CN: Right. It seems the car is a helpful metaphor for this complex internet-era Arab existence where the substrate of this mechanical object can provide a rubric for personalizing the world against the destructive acceleration of a western vision of machines, movement, and civic infrastructure. Your painting’s take the substrate of ‘the window’ or ‘the bumper’ or ‘the door’ and then use vinyls and the stickers containers for information about the ways that identity is mirrored or reflected—forced to fit into the sort of frame of the car as a structural object.

TS: Exactly, because that’s what it feels like. I’m also just doing what I feel like it is, you know, a process of layering. An image of an image of a layer or a layer etc. In the newest versions I’m beginning to have the audience wonder, is that real, is it made, what does it mean for it to be imagined?

CN: I can’t wait to see that unfold. These are objects within which smaller dramas can play out and you get to experiment and merge into new messages. That’s the next step. Speaking of collaging and collecting ideas I’d like to turn to music specifically. I know you for your encyclopedia knowledge of Habibi Funk but how does music relate to your art practice and thinking more broadly?

TS: I remember when I, within the first year of living here, I had a lot of thoughts about how I’m left to my discretion of defining home, like physically in my apartment, or in the food that I eat, the music I listen to. And I was really like, perplexed with, I don’t know, just the question of like, what is home?  What do I take, what do I leave behind?

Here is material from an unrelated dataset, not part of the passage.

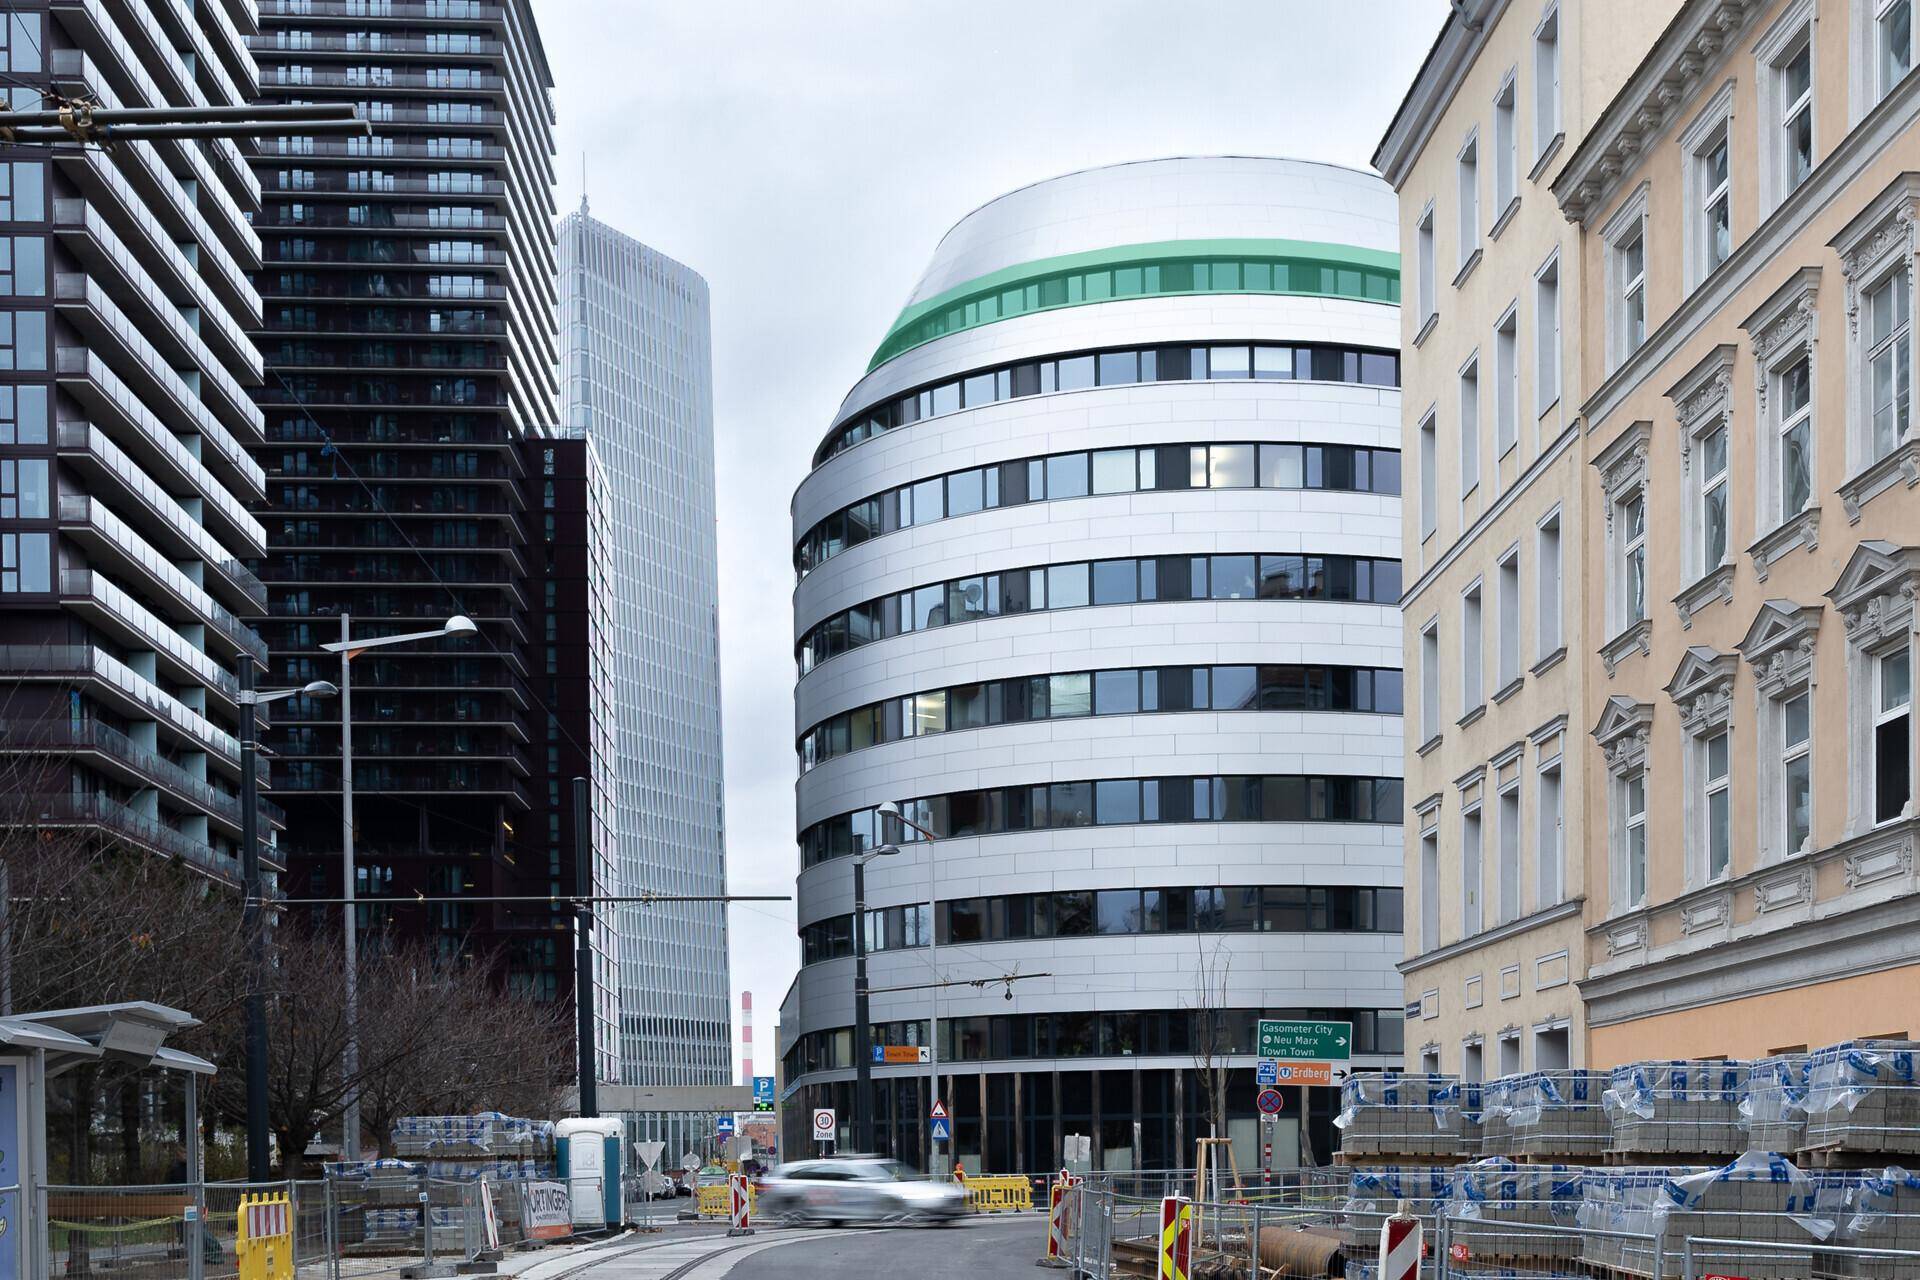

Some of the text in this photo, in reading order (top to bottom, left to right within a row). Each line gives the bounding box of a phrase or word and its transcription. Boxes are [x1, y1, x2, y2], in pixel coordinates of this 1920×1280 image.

I was talking to a friend of mine, also from Portland, who had grappled with the same question, and had already been in New York for a while. She told me to reach towards those cultural signifiers, whether it be food, jewelry or even music that draw upon some kind of pride and lean into that even if it feels ‘wrong’ at first. 

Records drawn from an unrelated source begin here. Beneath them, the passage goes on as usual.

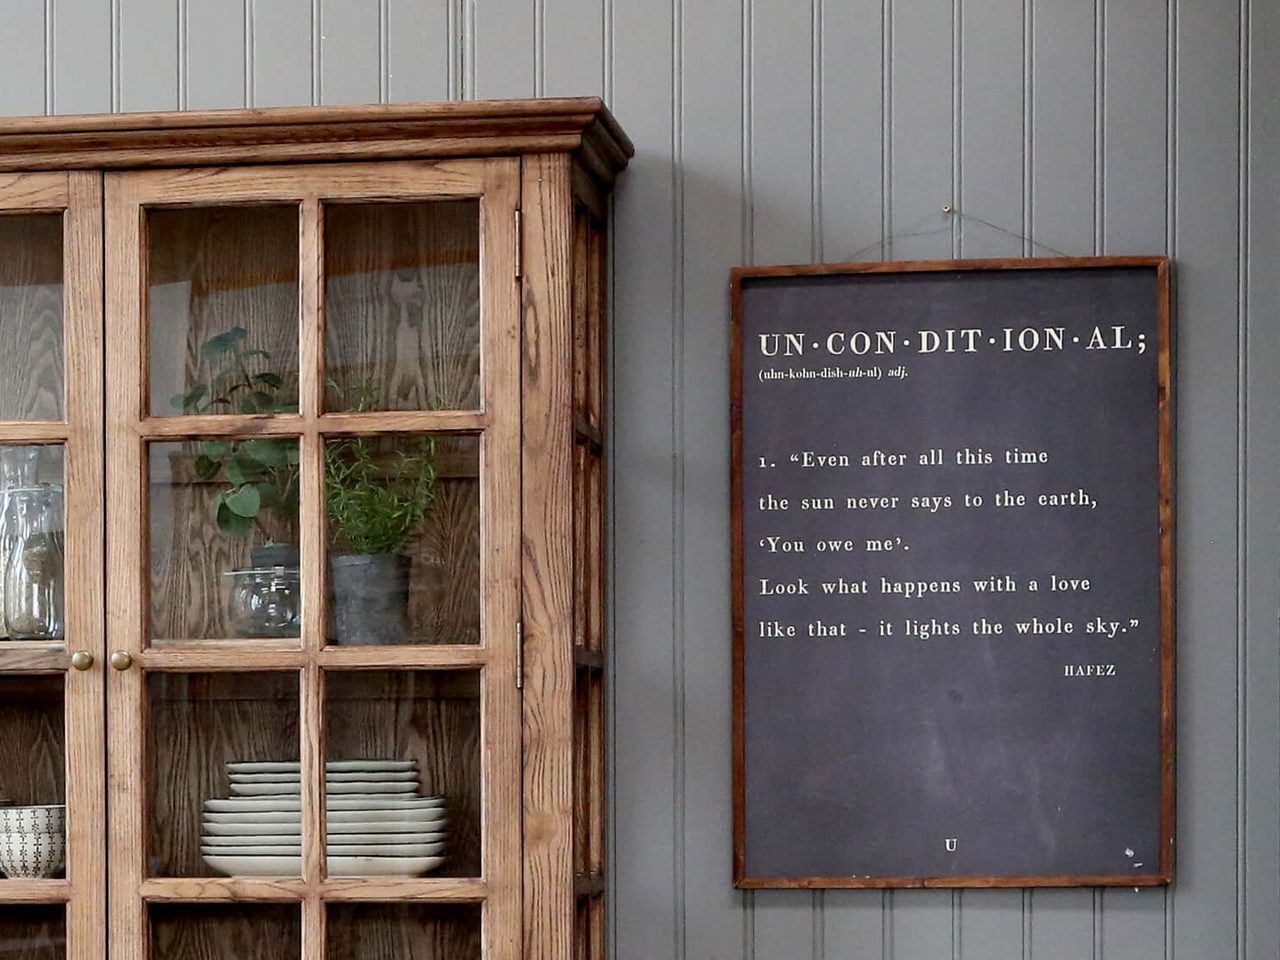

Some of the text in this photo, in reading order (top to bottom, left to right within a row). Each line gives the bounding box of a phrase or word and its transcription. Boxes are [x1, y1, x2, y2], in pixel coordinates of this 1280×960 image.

[887, 365, 909, 380] adj.
[758, 457, 776, 468] 1.
[861, 450, 907, 466] after
[919, 448, 943, 466] all
[956, 448, 993, 465] this
[1005, 447, 1048, 464] time
[759, 488, 1097, 513] the sun never says to the earth,
[816, 540, 854, 552] owe
[759, 574, 1090, 599] Look what happens with a love
[759, 620, 796, 638] like
[808, 620, 847, 637] that
[879, 620, 893, 636] it
[905, 618, 960, 640] lights
[972, 618, 1003, 635] the
[1015, 617, 1074, 634] whole
[1064, 664, 1116, 677] HAFEZ
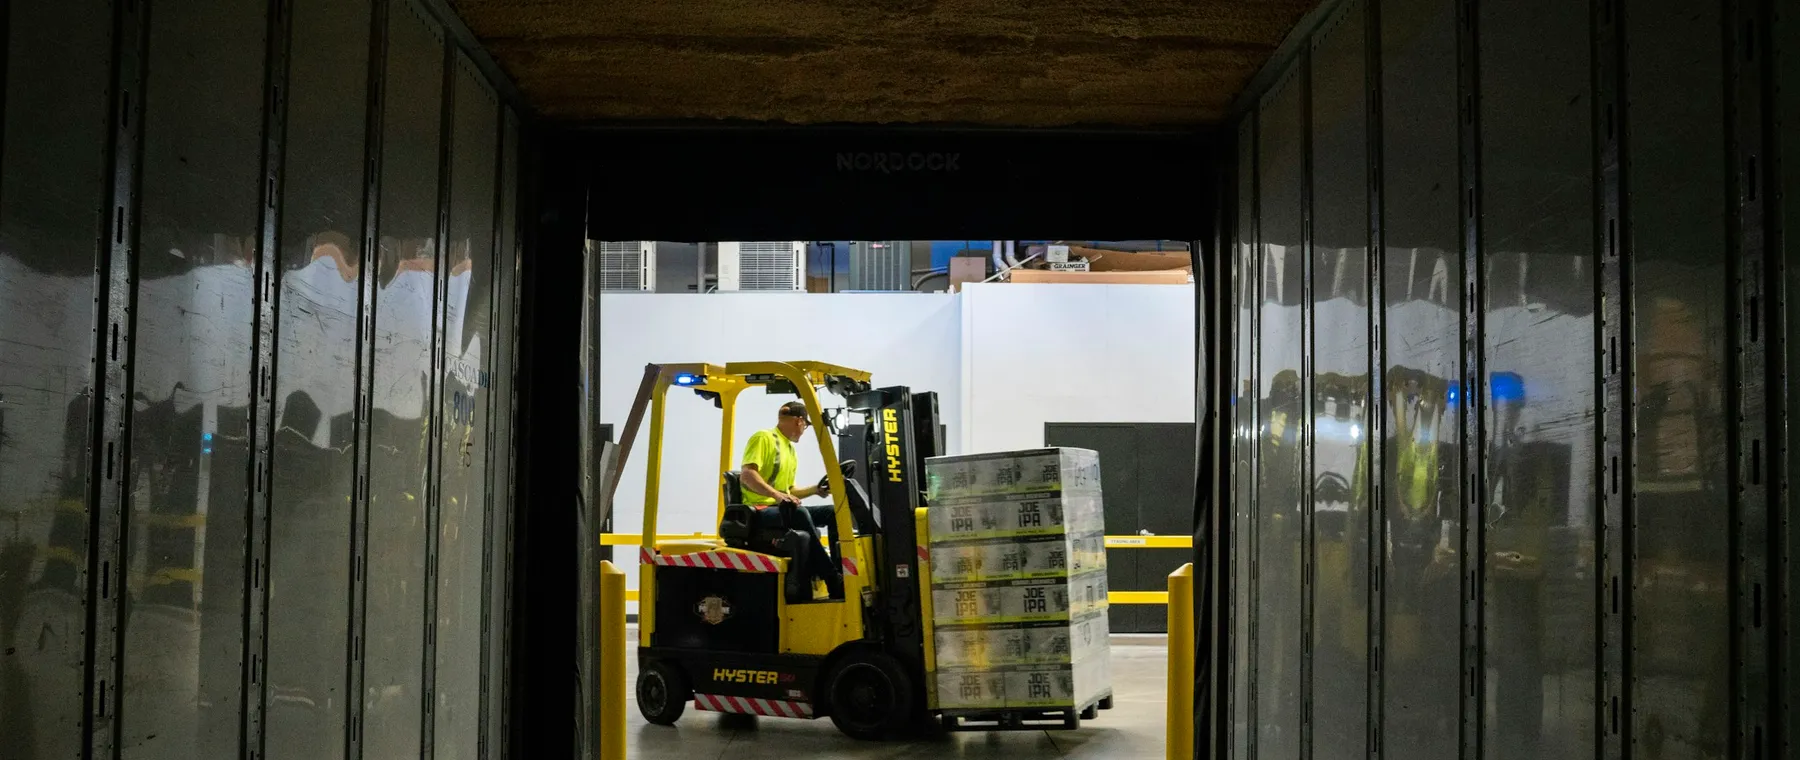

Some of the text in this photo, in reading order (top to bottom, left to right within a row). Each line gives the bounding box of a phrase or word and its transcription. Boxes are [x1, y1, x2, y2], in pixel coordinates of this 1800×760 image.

[835, 151, 961, 174] NORDOCK
[883, 408, 902, 483] HYSTER
[1043, 464, 1058, 473] JOE
[1043, 473, 1059, 482] IPA
[951, 506, 973, 518] JOE
[1018, 501, 1040, 513] JOE
[951, 518, 973, 532] IPA
[1018, 513, 1041, 528] IPA
[1003, 553, 1018, 561] JOE
[1049, 551, 1063, 559] JOE
[1003, 561, 1019, 571] IPA
[1048, 559, 1065, 569] IPA
[955, 591, 977, 602] JOE
[1023, 587, 1045, 599] JOE
[955, 602, 978, 616] IPA
[1023, 599, 1047, 613] IPA
[712, 667, 779, 684] HYSTER
[959, 675, 981, 686] JOE
[1028, 673, 1050, 684] JOE
[959, 686, 981, 699] IPA
[1027, 684, 1051, 698] IPA

At first starting to learn about music became that gateway for me to combat some of the intense overwhelm of trying to parse through mountains of possible research, traditions, and culture. I was like, you know what, like, I know a lot about Arab classical music, but there has to be another genre I can get more down with. And that’s when the song ‘Ayonha’ by Hamid Al Shaeri fell into my lap.

Every time I listened to it, it was almost meditative, and then finding out the singer is Libyan too made me proud in a way I wasn’t used to. If there is one last song on my deathbed, you know, when the people are like “what’s your execution?” meal…if I had an execution song, it’s that one.

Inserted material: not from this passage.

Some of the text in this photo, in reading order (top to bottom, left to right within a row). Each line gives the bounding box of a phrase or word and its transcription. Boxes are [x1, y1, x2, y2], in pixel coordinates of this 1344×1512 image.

I titled my first book ‘Ayonha’ to encapsulate the imagery of this feeling of almost being born-again, this archival collection of drawings, photos, and collages that have the same feeling of wonderment and innocence. Which is now permanently collected by the MET’s library, and that acquisition cemented that song for me quite literally forever but also in its significance in the song and the genre it represents.

CN: I mean, from my perspective, your exploration of music is one of the many ways you build a world around your practice and dedicate yourself to the act of collecting.

TS: I felt like in Portland, I had no agency and it was hard to realize that, in retrospect, I could have been more proactive, but it’s hard when the rest of the world around you doesn’t want you to be. I literally tell people that I did not start living until I moved here. It’s a unique experience to grow up in the Pacific Northwest as this hyper mesocosm of whiteness that places identities on a clear spectrum of value, visibility, and respect. So if you exist at any point further down the line from the platonic ideal of the ‘perfect white American’ you can feel it, it permeates you. So I guess I am trying to reverse the effects of that now in my early twenties, playing music, or reading books that could almost feel like oversaturating my intake of identity. But it’s literally the difference between living and existing. I’m so young. Like, there’s so much to read so much to listen to and it feels like I’m just now getting started.